**REQUIRED WORK**
When you restate the records, do so word for word and omit any picture they contain.

[Data excerpts]

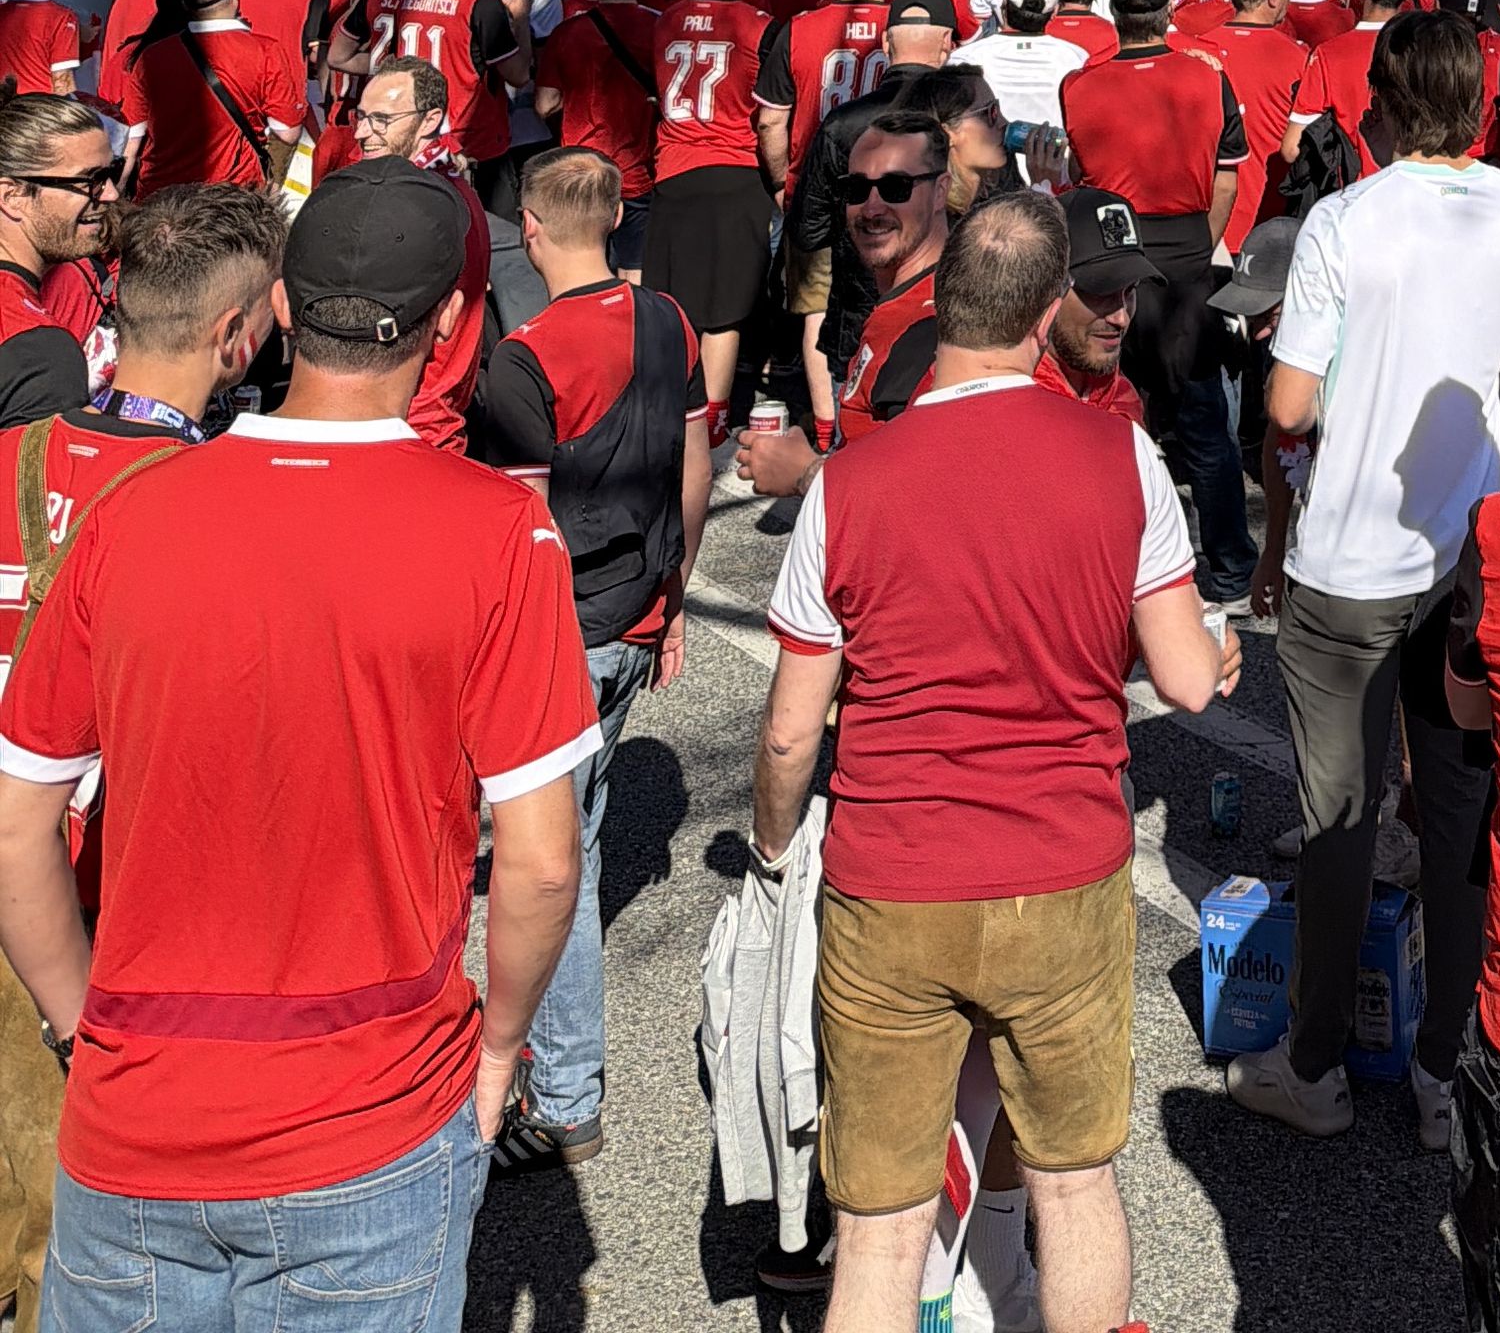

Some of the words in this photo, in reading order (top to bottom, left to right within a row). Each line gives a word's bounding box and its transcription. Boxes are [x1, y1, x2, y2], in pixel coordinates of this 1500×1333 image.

[683, 15, 714, 32] PAUL
[400, 22, 445, 72] 11
[665, 40, 735, 123] 27
[1206, 914, 1226, 930] 24
[1208, 943, 1285, 985] Modelo
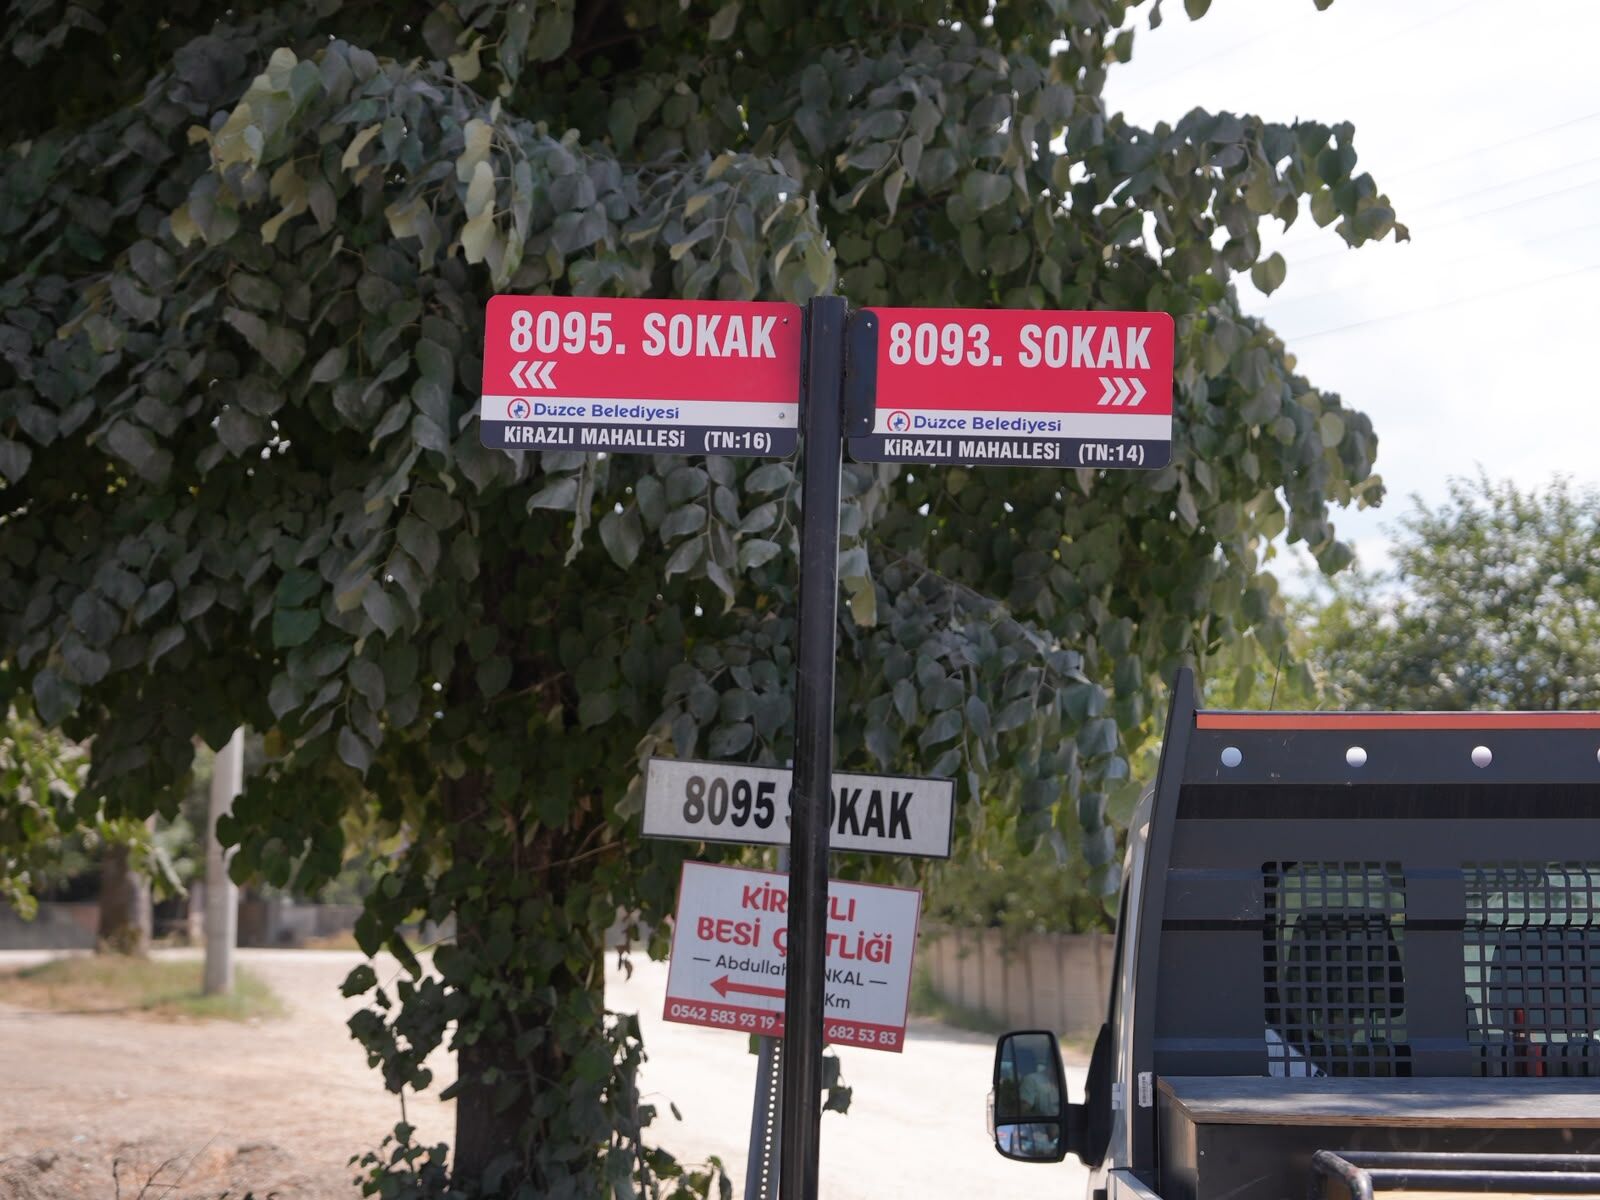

**SOLVED PROBLEM**
Some of the words in this photo, in reading order (top to bottom, left to right within a row). Each line gives a word's bounding box and its transcription. Boxes are [x1, y1, x2, y2], in pixel coordinates of this 1500×1333 image.

[683, 15, 714, 32] PAUL
[400, 22, 445, 72] 11
[665, 40, 735, 123] 27
[1206, 914, 1226, 930] 24
[1208, 943, 1285, 985] Modelo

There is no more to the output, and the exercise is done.